Quisiera subrayar también que Jesús ha dicho: « Haced esto en
memoria mía ». La Eucaristía no recuerda un simple hecho; ¡recuerda
a Él! Para el sacerdote, repetir cada día, in persona Christi, las
palabras del «
memorial » es una invitación a desarrollar una « espiritualidad de
la memoria ». En un tiempo en que los rápidos cambios culturales y
sociales oscurecen el sentido de la tradición y exponen,
especialmente a las
nuevas generaciones, al riesgo de perder la relación con las propias
raíces, el sacerdote está llamado a ser, en la comunidad que se le
ha confiado, el hombre del recuerdo fiel de Cristo y todo su
misterio: su prefiguración en el Antiguo Testamento, su realización
en el Nuevo y su progresiva profundización bajo la guía del Espíritu
Santo, en virtud de aquella promesa explícita: «Él será quien os lo
enseñe todo y os vaya
recordando todo lo que os he dicho» (Jn 14, 26).

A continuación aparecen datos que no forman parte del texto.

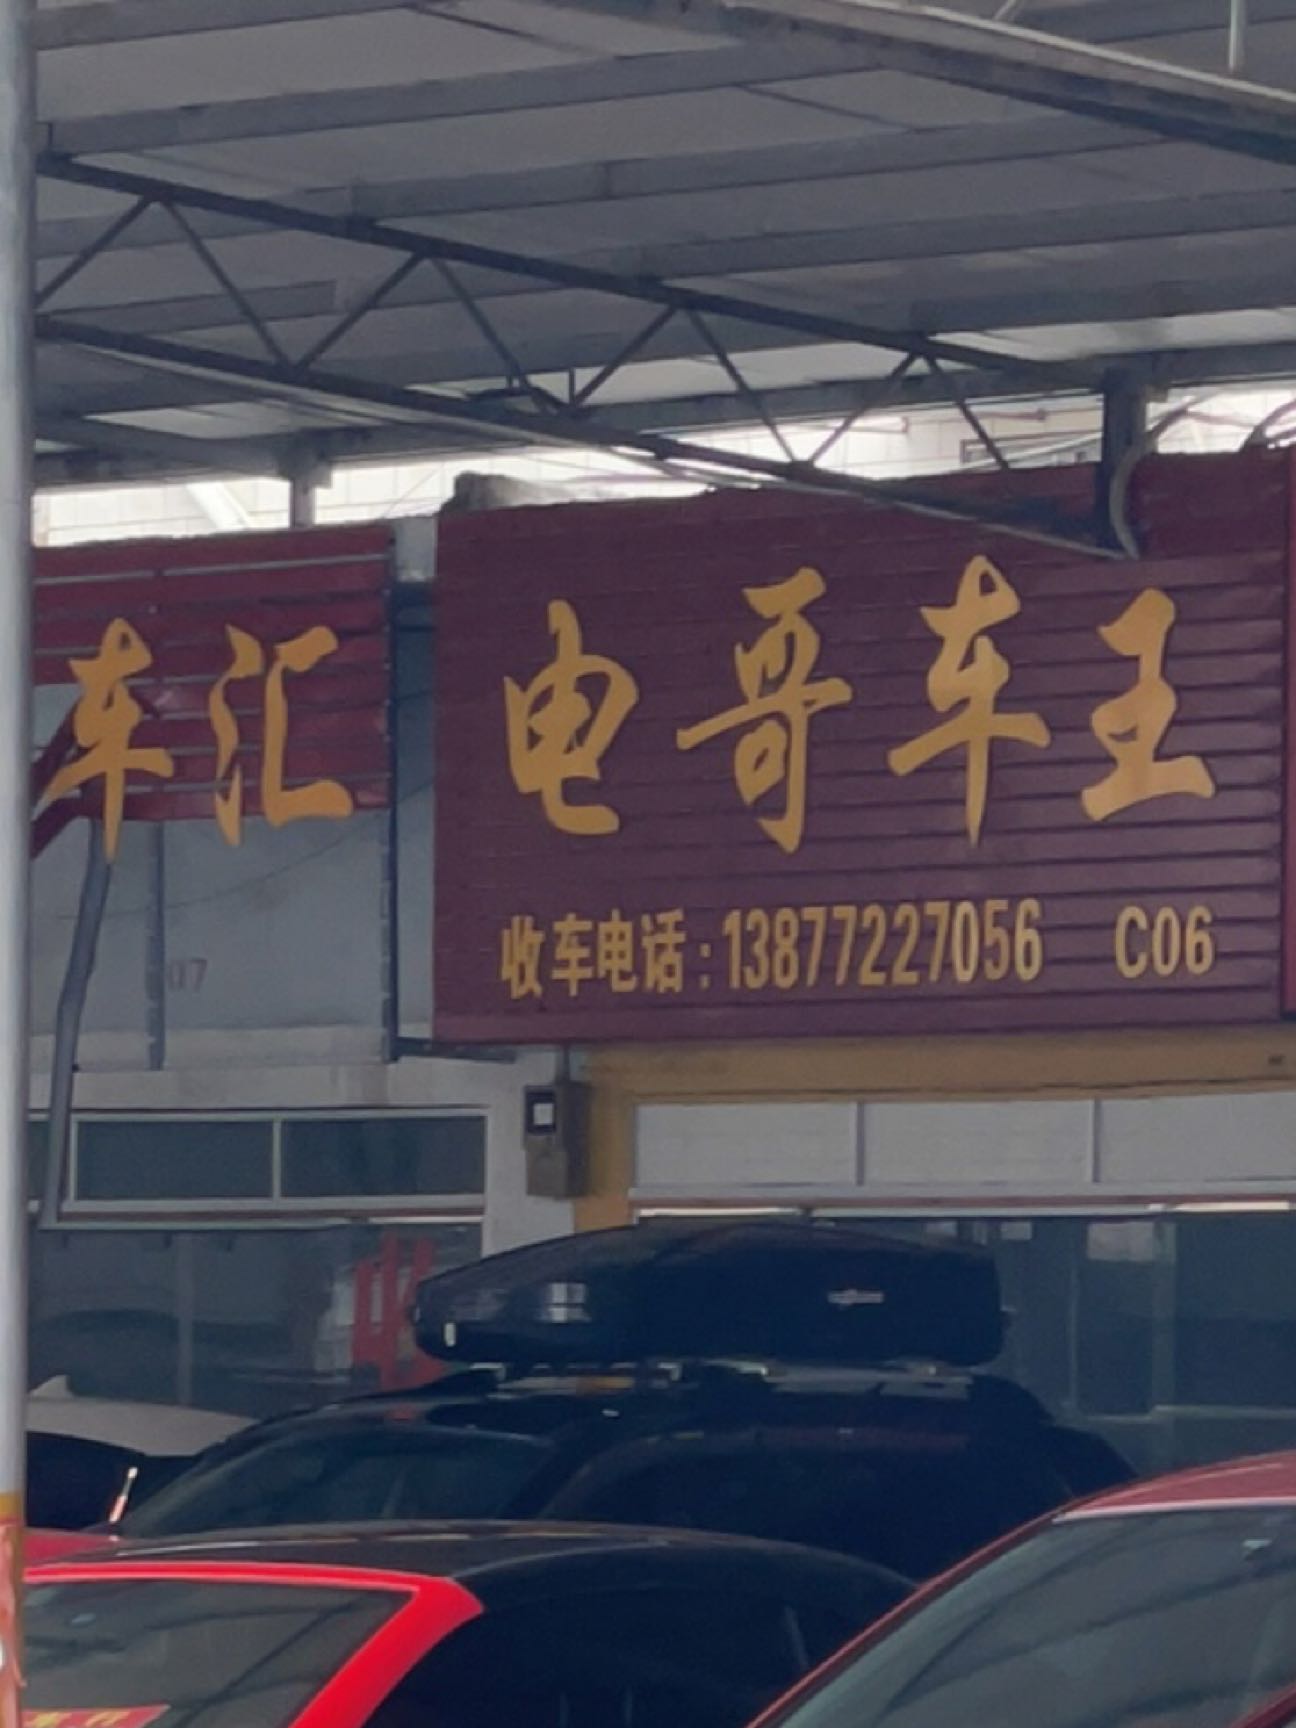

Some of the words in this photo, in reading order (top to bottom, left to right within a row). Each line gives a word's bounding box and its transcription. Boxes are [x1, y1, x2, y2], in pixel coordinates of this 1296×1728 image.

Una existencia «consagrada»
6. «Mysterium fidei!». Con esta exclamación el sacerdote
manifiesta, después de la consagración del pan y el vino, el estupor
siempre nuevo por el prodigio extraordinario que ha tenido lugar
entre sus manos. Un
prodigio que sólo los ojos de la fe pueden percibir. Los elementos
naturales no pierden sus características externas, ya que las
especies siguen siendo las del pan y del vino; pero su sustancia,
por el poder de
la palabra de Cristo y la acción del Espíritu Santo, se convierte en
la sustancia del cuerpo y la sangre de Cristo. Por eso, sobre el
altar está presente «verdadera, real, sustancialmente» Cristo muerto
y resucitado
en toda su humanidad y divinidad. Así pues, es una realidad
eminentemente sagrada. Por este motivo la Iglesia trata este
Misterio con suma reverencia, y vigila atentamente para que se
observen las
normas litúrgicas, establecidas para tutelar la santidad de un
Sacramento tan grande.
Nosotros, sacerdotes, somos los celebrantes, pero también los
custodios de este sacrosanto Misterio. De nuestra relación con la
Eucaristía se desprende también, en su sentido más exigente, la
condición «sagrada» de nuestra vida. Una condición que se ha de
reflejar en todo nuestro modo de ser, pero ante todo en el modo
mismo de celebrar. ¡Acudamos para ello a la escuela de los Santos!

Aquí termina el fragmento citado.